- Episode no.: Series 7 Episode 2
- Directed by: Mike Leigh
- Written by: Mike Leigh
- Original air date: 1976
- Running time: 30 minutes

= Knock for Knock =

"Knock for Knock" is the second episode of the seventh series of the BBC television series Second City Firsts starring Sam Kelly, and Anthony O'Donnell. The episode was written and directed by Mike Leigh and aired in 1976. After broadcast, the tape was wiped and no copies are believed to exist. "Knock for knock" refers to an arrangement between insurers where they pay out claims despite the other insurer's customer being liable - this avoids administration and court costs.

==Plot==
The film concerns a man called Mr. Purvis (O'Donnell) trying to arrange car insurance after he has been convicted of drunk driving.

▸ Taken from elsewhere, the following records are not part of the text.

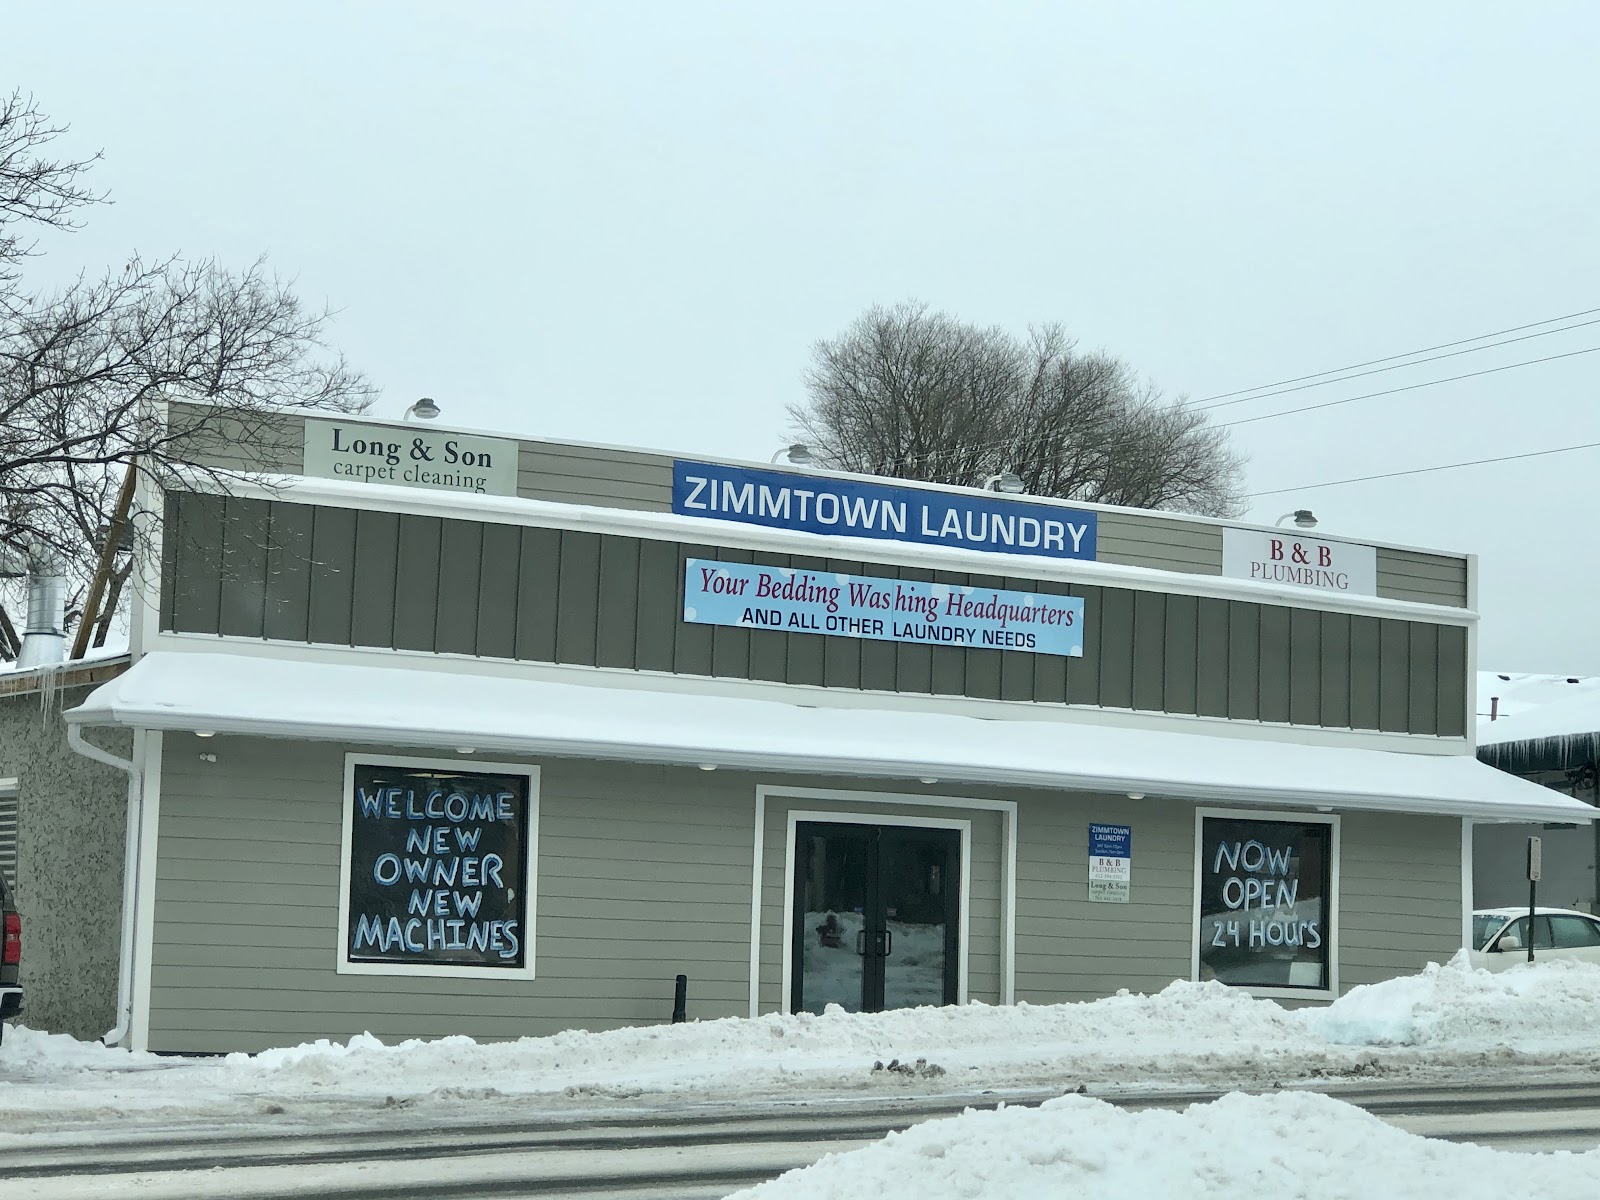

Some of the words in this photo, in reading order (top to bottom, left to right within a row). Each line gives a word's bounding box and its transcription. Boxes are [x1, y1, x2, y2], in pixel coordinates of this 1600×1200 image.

[332, 428, 402, 466] Long
[410, 437, 435, 462] &
[444, 440, 493, 468] Son
[333, 461, 396, 483] carpet
[403, 465, 487, 494] cleaning
[684, 475, 907, 533] ZIMMTOWN
[921, 505, 1088, 553] LAUNDRY
[1270, 539, 1284, 561] B
[1291, 542, 1311, 565] &
[1317, 545, 1332, 567] B
[1250, 561, 1349, 590] PLUMBING
[701, 567, 749, 596] Your
[755, 573, 840, 613] Bedding
[848, 582, 939, 622] Washing
[945, 592, 1074, 628] Headquarters
[742, 607, 782, 626] AND
[788, 612, 820, 630] ALL
[826, 615, 884, 635] OTHER
[893, 621, 976, 643] LAUNDRY
[982, 629, 1036, 648] NEEDS
[357, 787, 515, 823] WELCOME
[406, 825, 482, 855] NEW
[1091, 825, 1129, 835] ZIMMTOWN
[1094, 833, 1126, 842] LAUNDRY
[373, 853, 504, 888] OWNER
[1091, 866, 1127, 874] PLUMBING
[1099, 858, 1104, 866] B
[1106, 858, 1113, 867] &
[1115, 859, 1121, 867] B
[1213, 839, 1293, 876] NOW
[1091, 881, 1107, 891] Long
[1107, 882, 1114, 890] &
[1222, 876, 1299, 911] OPEN
[408, 888, 482, 919] NEW
[353, 913, 519, 958] MACHINES
[1211, 920, 1240, 948] 24
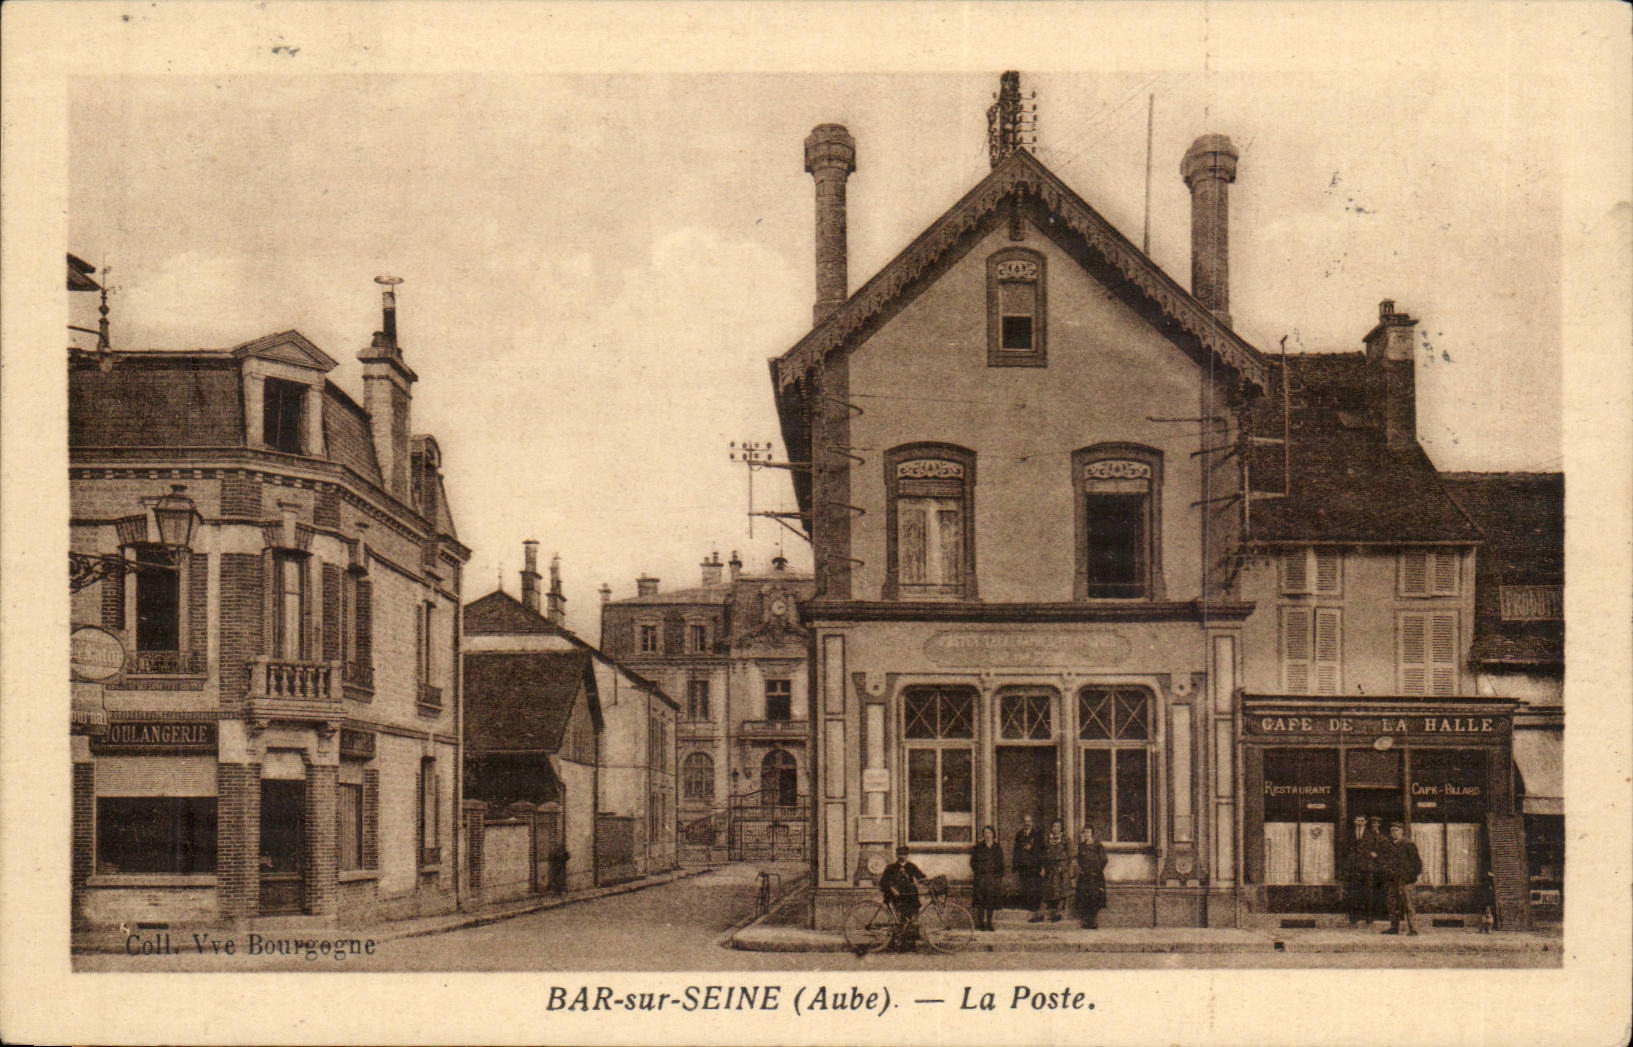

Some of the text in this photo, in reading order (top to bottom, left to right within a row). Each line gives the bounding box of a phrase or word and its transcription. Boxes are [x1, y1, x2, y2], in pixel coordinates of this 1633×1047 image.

[1329, 718, 1353, 732] DE
[1382, 718, 1407, 732] LA
[1424, 718, 1493, 732] HALLE
[101, 725, 208, 743] OULANGERIE
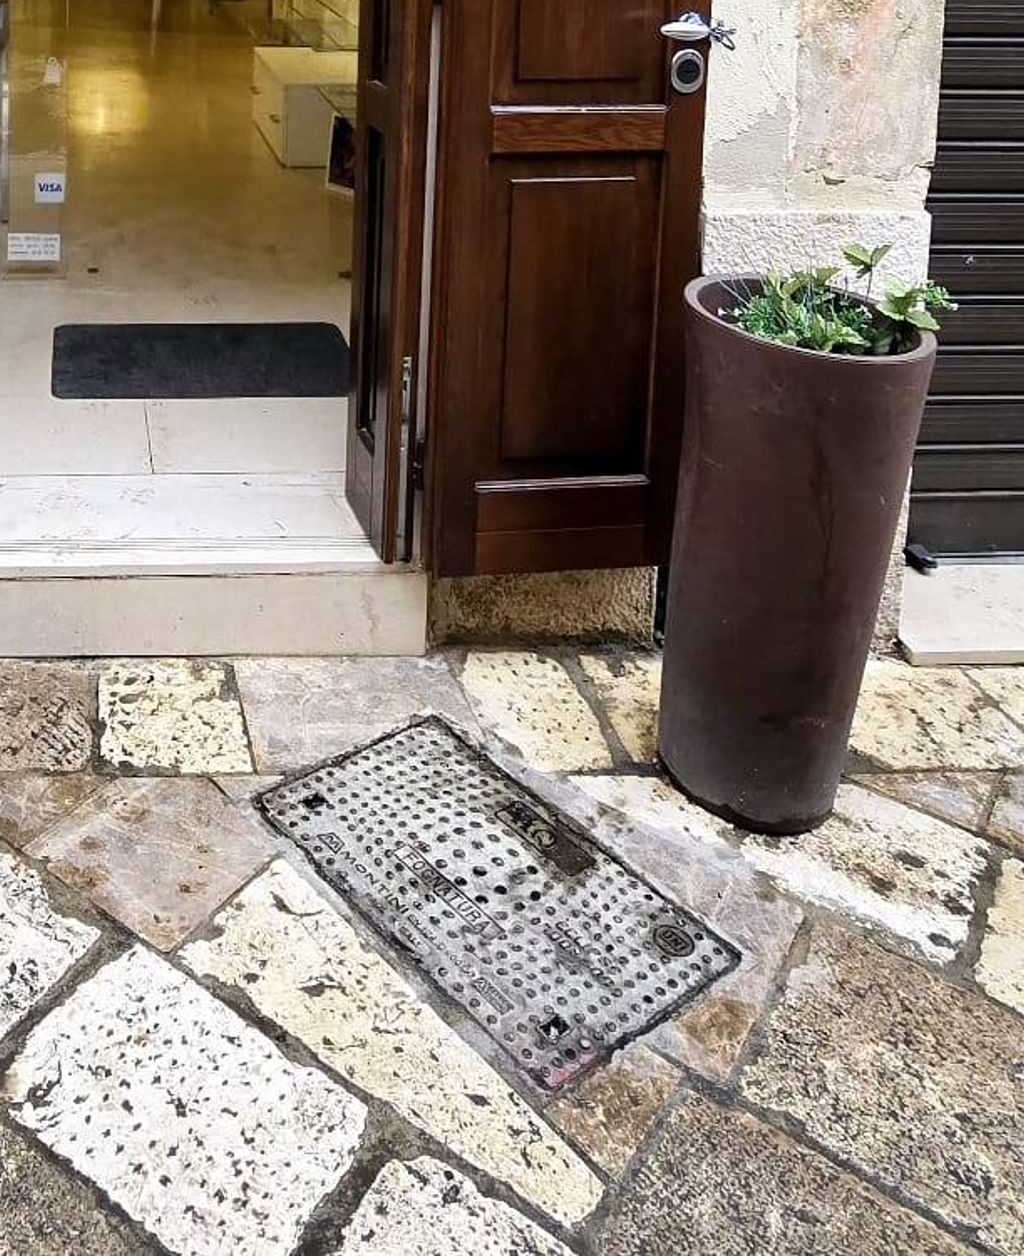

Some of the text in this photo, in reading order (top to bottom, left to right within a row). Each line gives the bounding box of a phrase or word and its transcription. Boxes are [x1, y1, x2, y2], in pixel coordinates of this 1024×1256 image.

[37, 182, 63, 192] VISA
[341, 851, 410, 915] MONTINI
[402, 850, 491, 935] FOGNATURA

Kelly plays Mr. Bowes, the deranged insurance broker.

==Cast==
- Sam Kelly as Mr. Bowes
- Anthony O'Donnell as Mr. Purvis
- Meryl Hampton as Marilyn

==Production==
Like Leigh's previous film "The Permissive Society", "Knock for Knock" was produced by BBC Birmingham as part of their Second City Firsts strand. In an online Q&A for The Guardian in 2000, Leigh said it was 'experimental for the time' as it was recorded in one take with multiple cameras. The tape was wiped by the BBC after broadcast and no copies are believed to exist. According to Leigh, it was 'wiped by a crackpot committee because of a "shortage of space".' He went on to say he would pay 'good money' if anyone could find a copy.

==Critical reception==
The film received a very positive review by Time Out who said it was 'the funniest thing on the box for months' and that Kelly gave the performance of the decade. Leigh himself described Kelly's performance as 'incredible and hilarious'.